The training data are taken from a North American guide to mushrooms; specifically, from the sections on the genera Agaricus and Lepiota (the documentation says ‘family’, but those genera are in the same family). It’s fairly straightforward to build a classifier that gets almost perfect accuracy; an un-tuned run of xgboost manages 2.2% error rate with two trees.

It gets more interesting if you apply the classifer to other well-known mushroom species. The best-known edible species – the cultivated mushroom and the field mushroom – are both in Agaricus, and are handled correctly. The fly agaric (Amanita muscaria, the children’s-book red one with white spots) correctly comes out as inedible.

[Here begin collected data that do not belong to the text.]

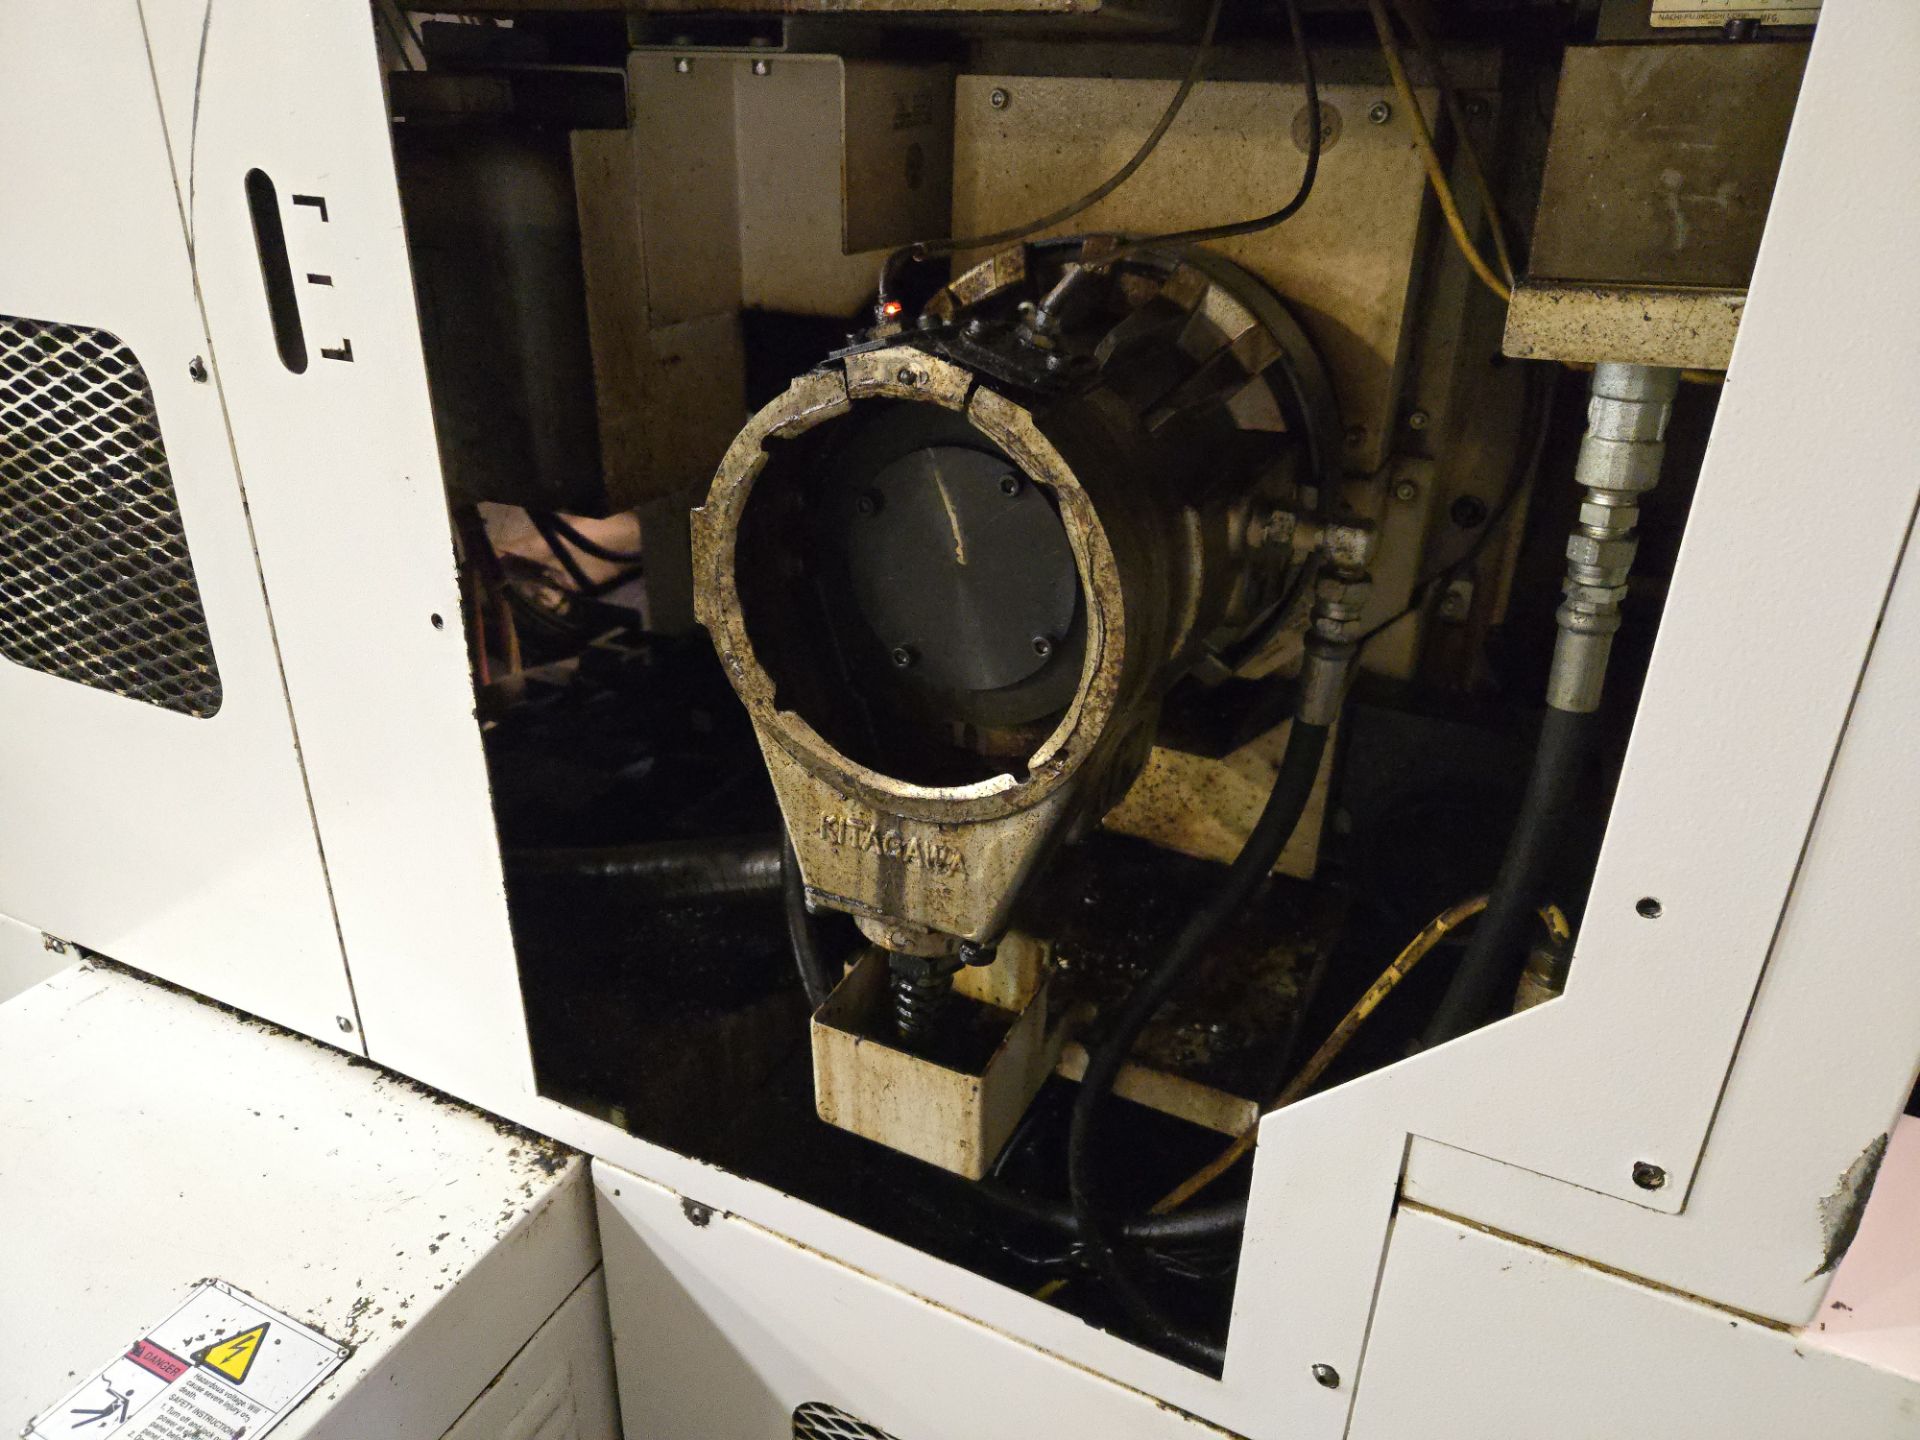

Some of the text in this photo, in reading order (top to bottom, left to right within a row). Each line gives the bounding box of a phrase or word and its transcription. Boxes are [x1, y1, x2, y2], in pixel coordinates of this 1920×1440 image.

[819, 813, 968, 881] KITAGAWA
[144, 1351, 181, 1376] DANGER
[194, 1373, 225, 1394] Hazardous
[168, 1394, 193, 1411] SAFETY
[186, 1380, 204, 1393] cause
[204, 1390, 224, 1404] severe
[223, 1400, 241, 1415] injury
[166, 1406, 181, 1418] Turn
[180, 1415, 191, 1423] off
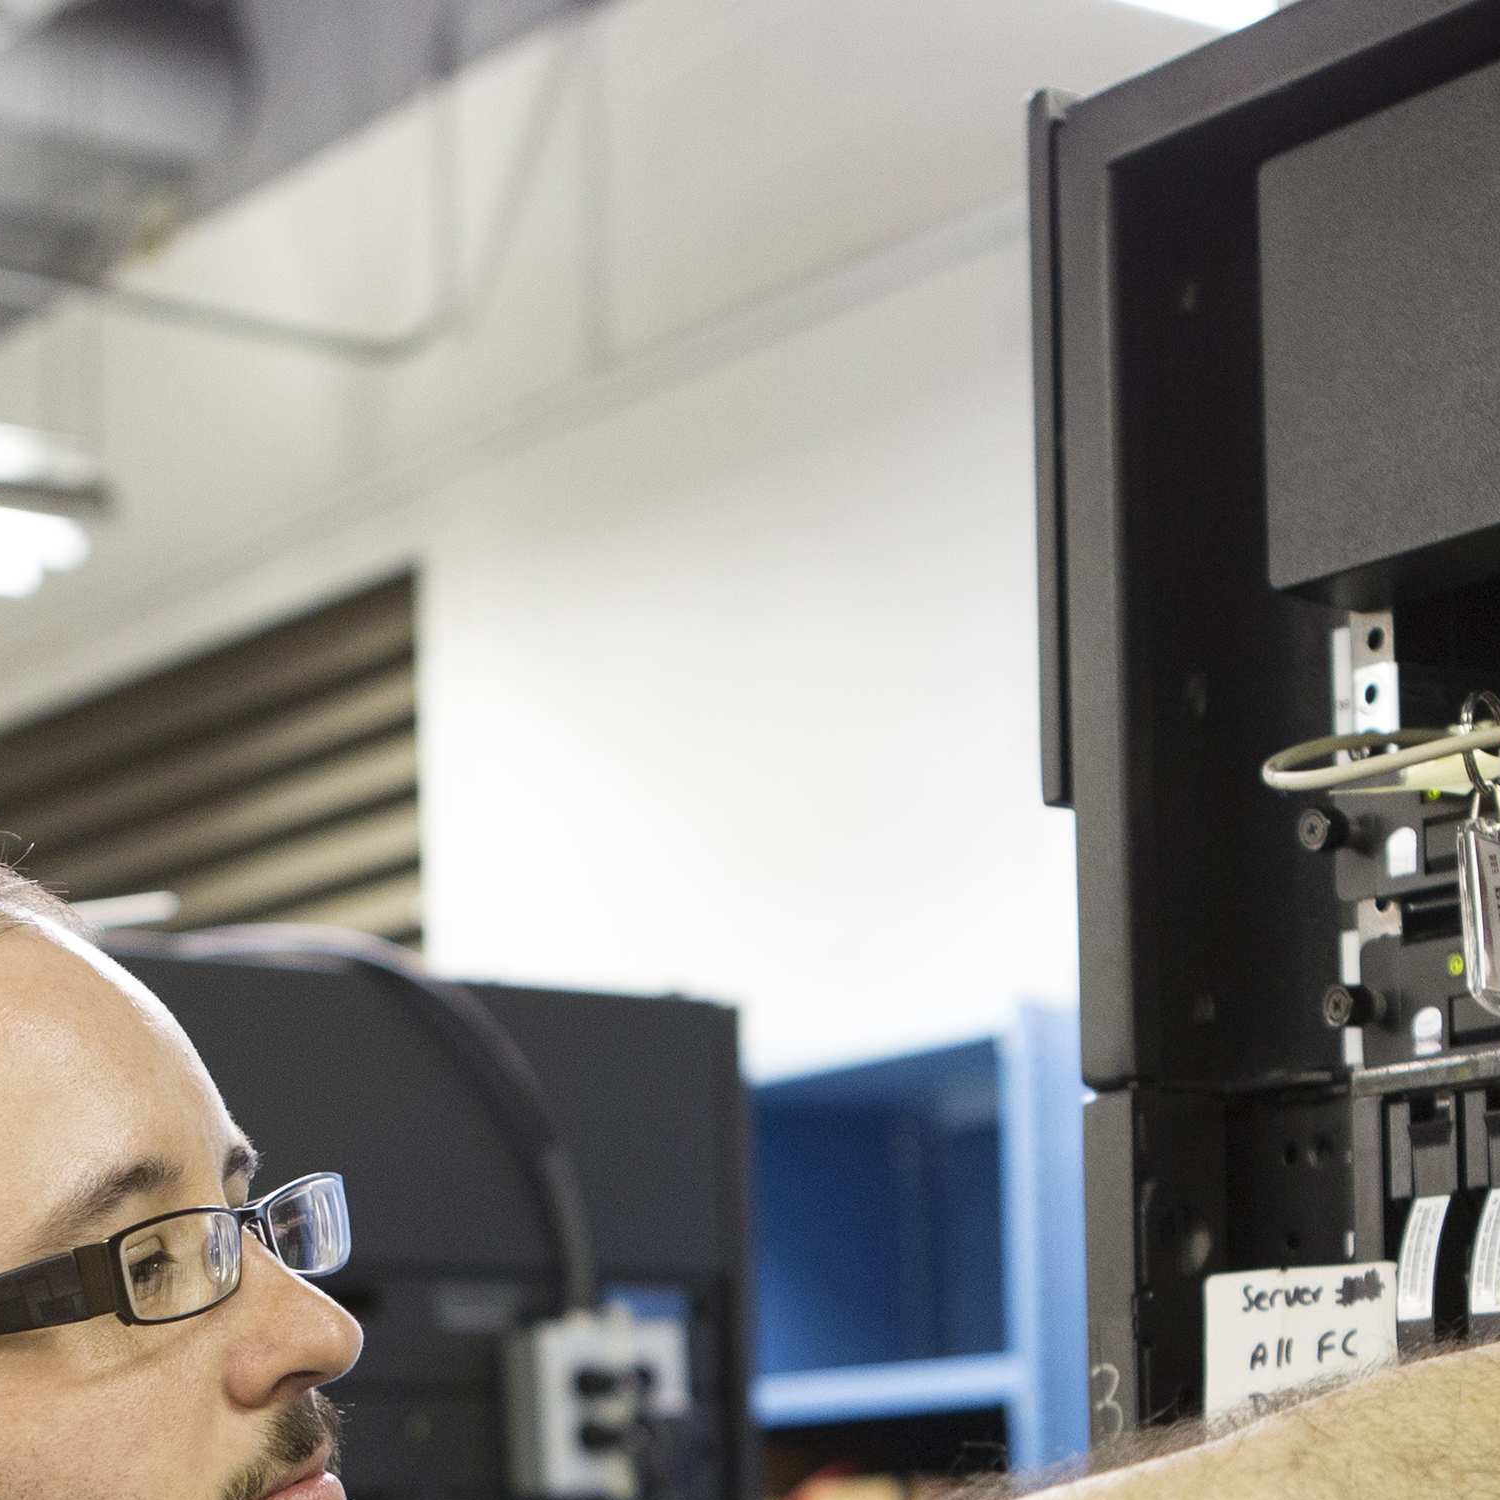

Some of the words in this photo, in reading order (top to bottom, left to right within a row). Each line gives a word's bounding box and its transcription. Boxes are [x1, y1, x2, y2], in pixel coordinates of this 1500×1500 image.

[1241, 1284, 1324, 1313] Server
[1250, 1336, 1294, 1371] All
[1316, 1327, 1358, 1364] FC

On the other hand, many examples of the death cap, Amanita phalloides, are predicted as edible. Since the death cap is (per Wikipedia) responsible for the majority of fatal mushroom poisonings worldwide, that’s about as wrong as you can possibly get.

The problem is that the classifer has never seen an Amanita before. The correlations between toxicity and the colour and form of a mushroom are just that, correlations, so generalising to different genera and families is unreliable. But there isn’t any simple way to train xgboost to say “Don’t Know” to a new observation that’s outside its training set.

In a low-dimensional problem you could flag observations that were a long way from the training data and only trust the classifier for observations that were near the training data. In high-dimensional problems, though, ‘near’ and ‘far’ don’t work that way, and any point the classifier hasn’t seen before is likely to be far from the training data.

The fact that this is a hard problem is reinforced by how hard it is for people. Sometimes, knowledge about plants from one part of the world transfers well to other parts of the world, and sometimes it doesn’t. Mushrooms are a frequently-tragic example of where it doesn’t.